◆ MATERIAL FOR THIS TASK:
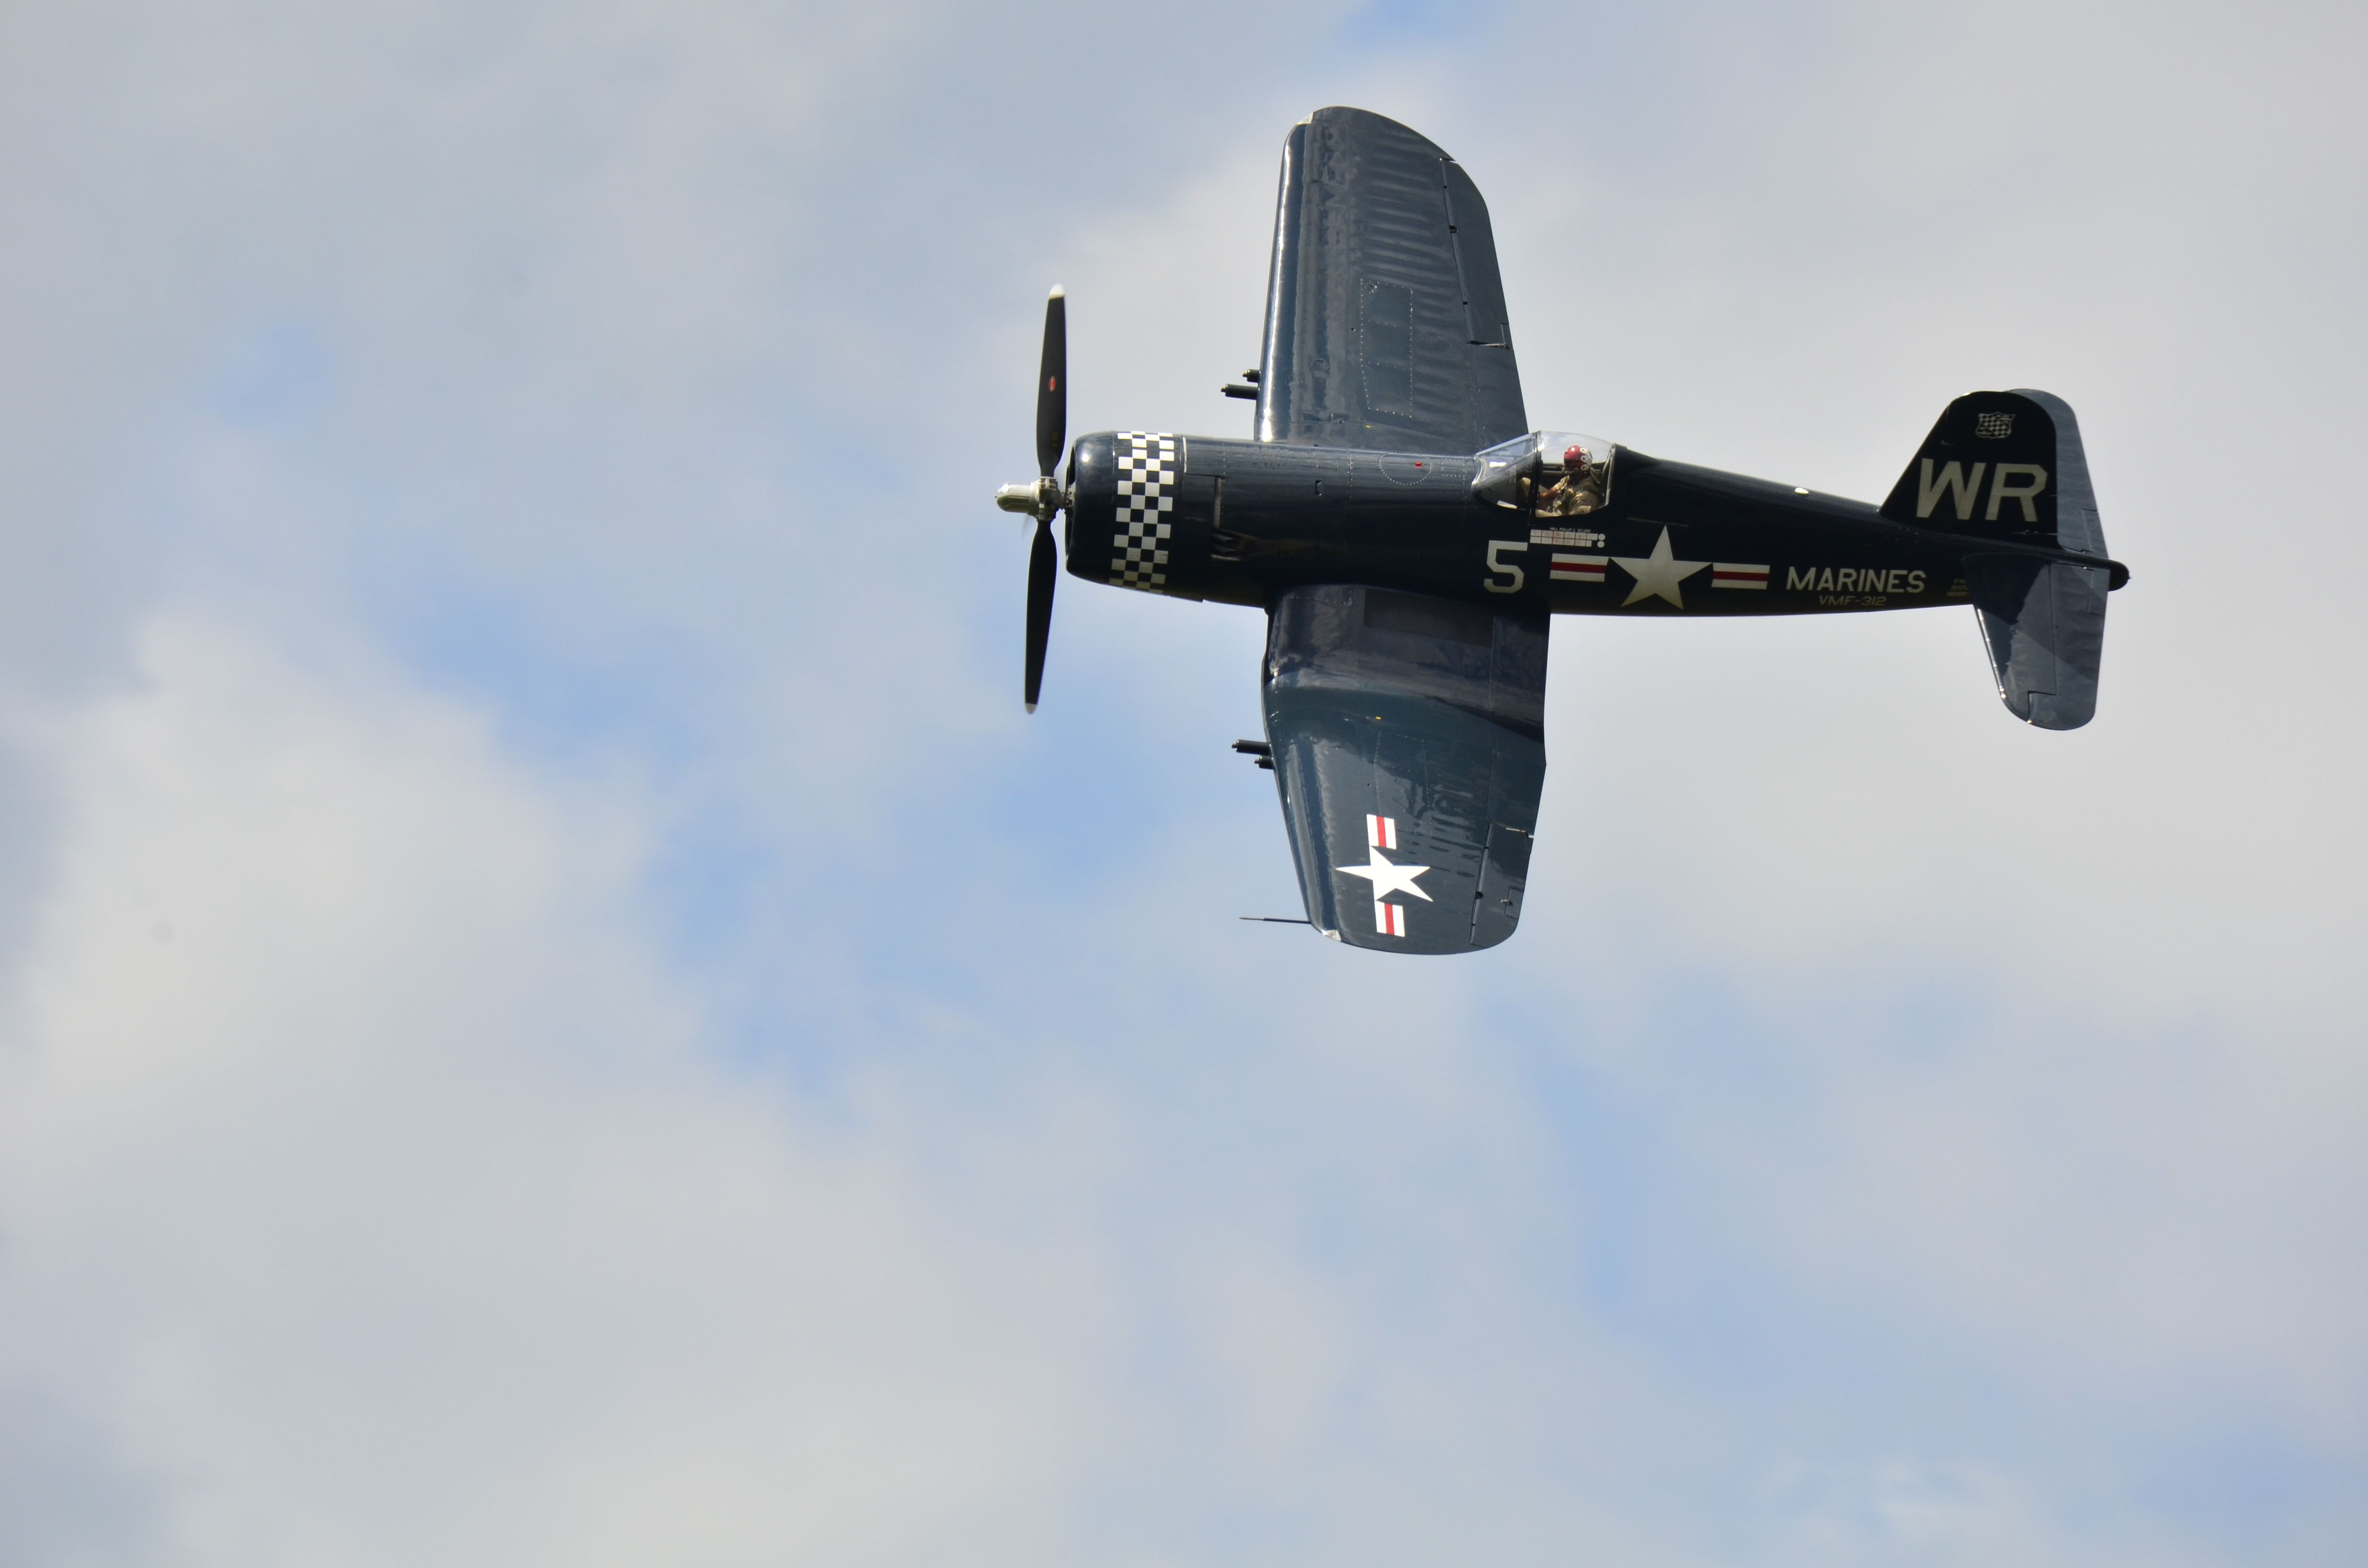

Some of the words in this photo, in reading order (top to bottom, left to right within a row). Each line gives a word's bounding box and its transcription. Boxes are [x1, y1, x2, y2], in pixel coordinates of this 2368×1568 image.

[1916, 458, 2048, 522] WR
[1483, 540, 1528, 594] 5
[1786, 566, 1926, 593] MARINES
[1819, 595, 1887, 606] VMF-312
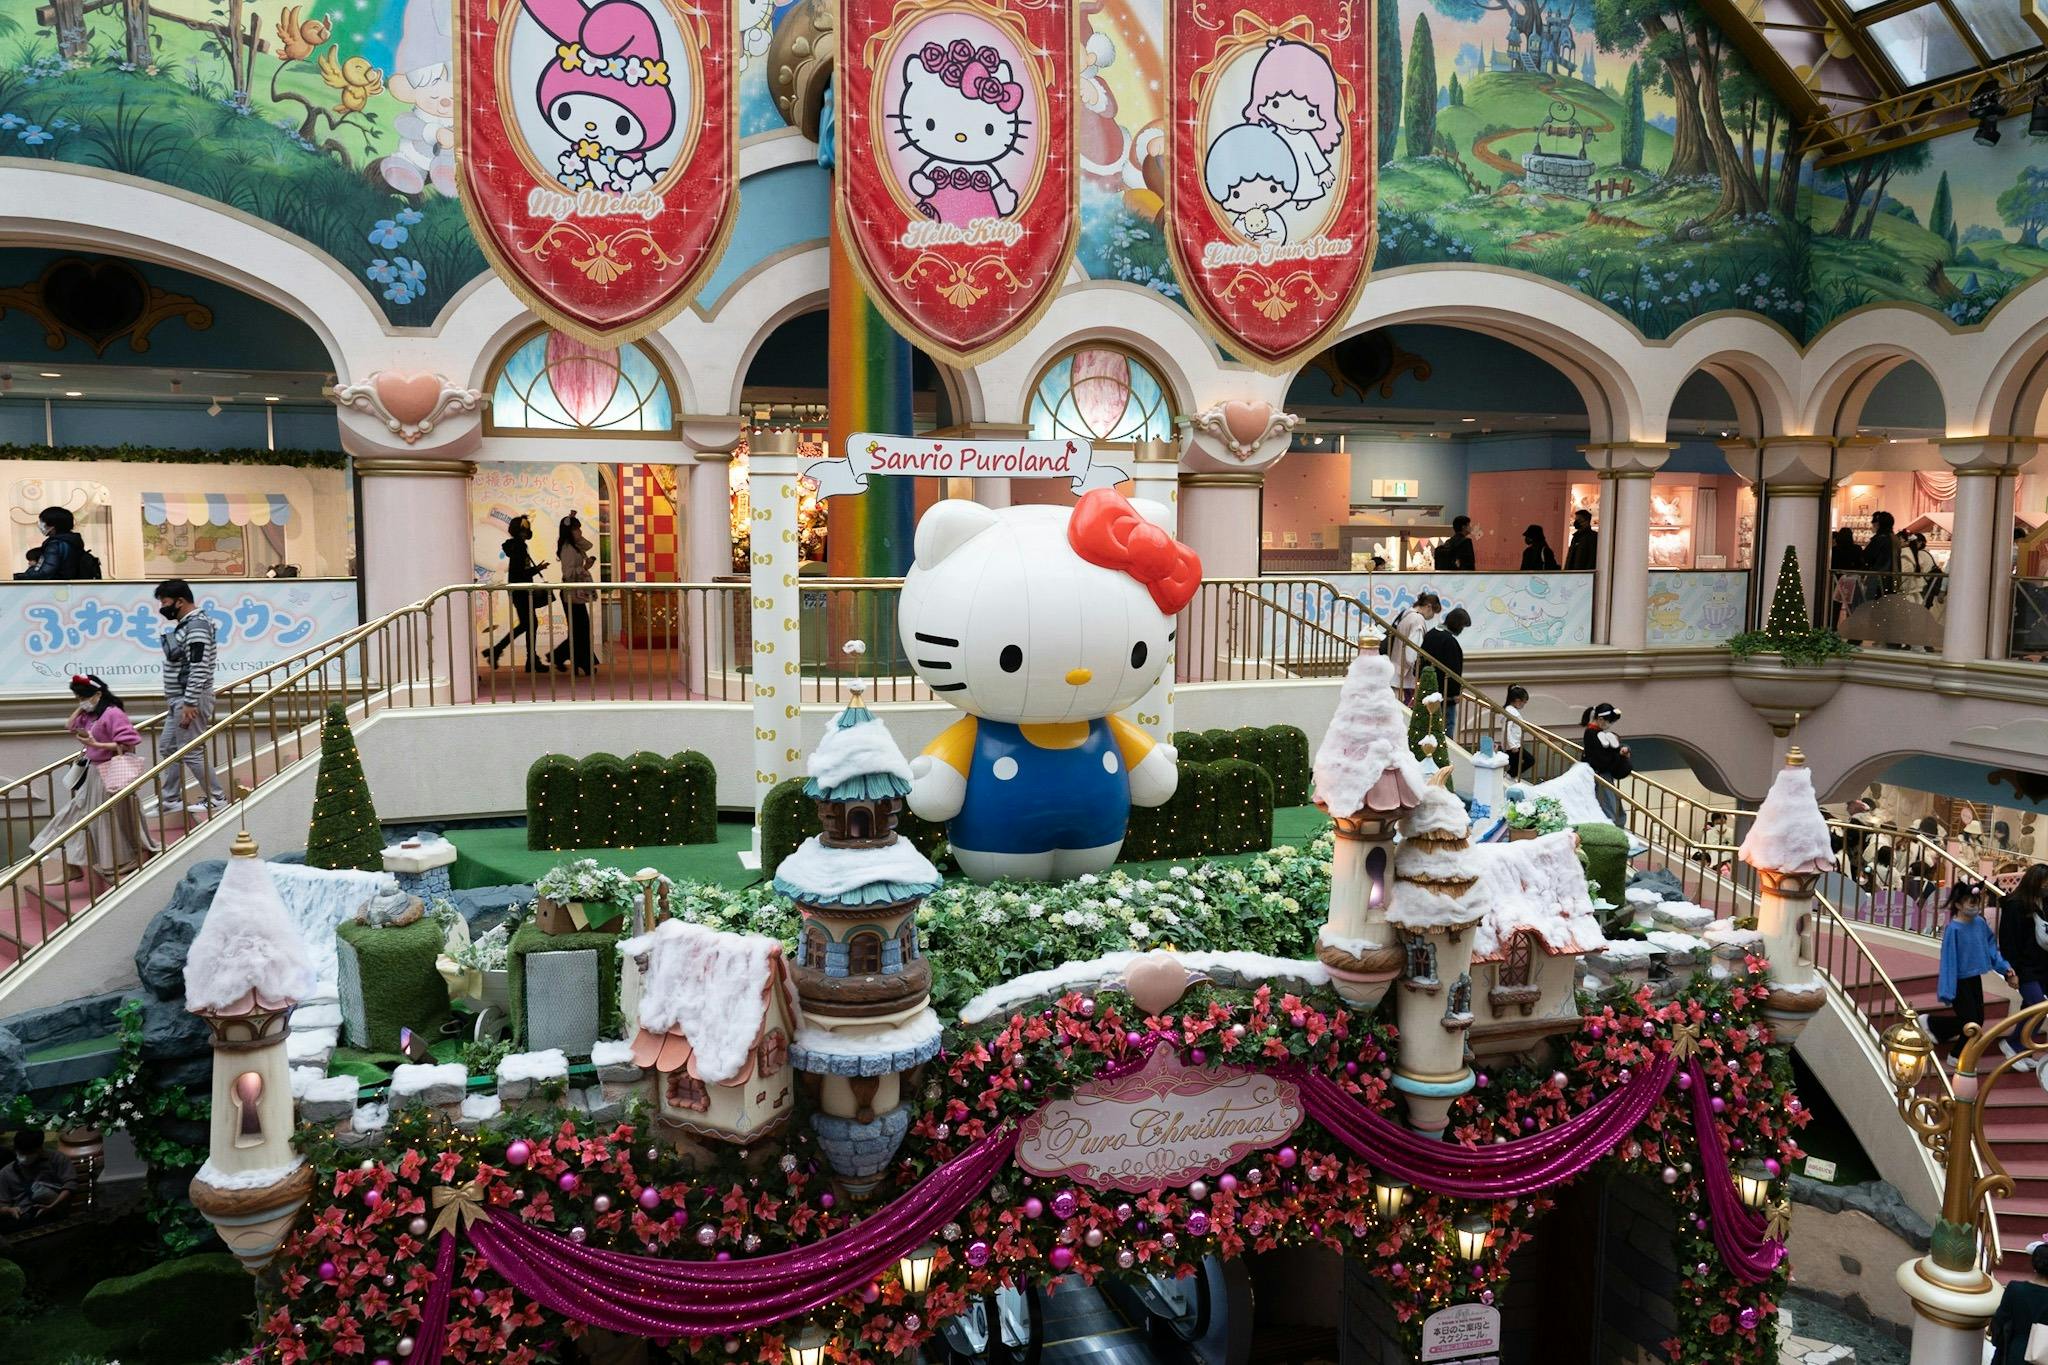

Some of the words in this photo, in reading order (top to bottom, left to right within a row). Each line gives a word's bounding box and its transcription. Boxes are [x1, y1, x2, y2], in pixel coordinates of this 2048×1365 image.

[528, 187, 576, 221] My
[577, 188, 665, 220] Melody
[901, 220, 962, 249] Hello
[962, 217, 1024, 247] Kitty
[1202, 242, 1258, 268] Little
[1258, 239, 1304, 266] Twin
[1304, 235, 1352, 260] Stars
[870, 444, 954, 470] Sanrio
[959, 446, 1071, 472] Puroland
[28, 598, 314, 651] ふわもタウン
[63, 659, 162, 677] Cinnamoro
[212, 658, 280, 677] iversar
[1045, 1111, 1129, 1160] Puro
[1130, 1096, 1275, 1147] Christmas

◆ TASK REQUIREMENTS: Return, without any change, the lines from the one holding "this 2048×1365 image." through the end of the listing, and only those.

◆ ANSWER BOX:
Some of the words in this photo, in reading order (top to bottom, left to right within a row). Each line gives a word's bounding box and its transcription. Boxes are [x1, y1, x2, y2], in pixel coordinates of this 2048×1365 image.

[528, 187, 576, 221] My
[577, 188, 665, 220] Melody
[901, 220, 962, 249] Hello
[962, 217, 1024, 247] Kitty
[1202, 242, 1258, 268] Little
[1258, 239, 1304, 266] Twin
[1304, 235, 1352, 260] Stars
[870, 444, 954, 470] Sanrio
[959, 446, 1071, 472] Puroland
[28, 598, 314, 651] ふわもタウン
[63, 659, 162, 677] Cinnamoro
[212, 658, 280, 677] iversar
[1045, 1111, 1129, 1160] Puro
[1130, 1096, 1275, 1147] Christmas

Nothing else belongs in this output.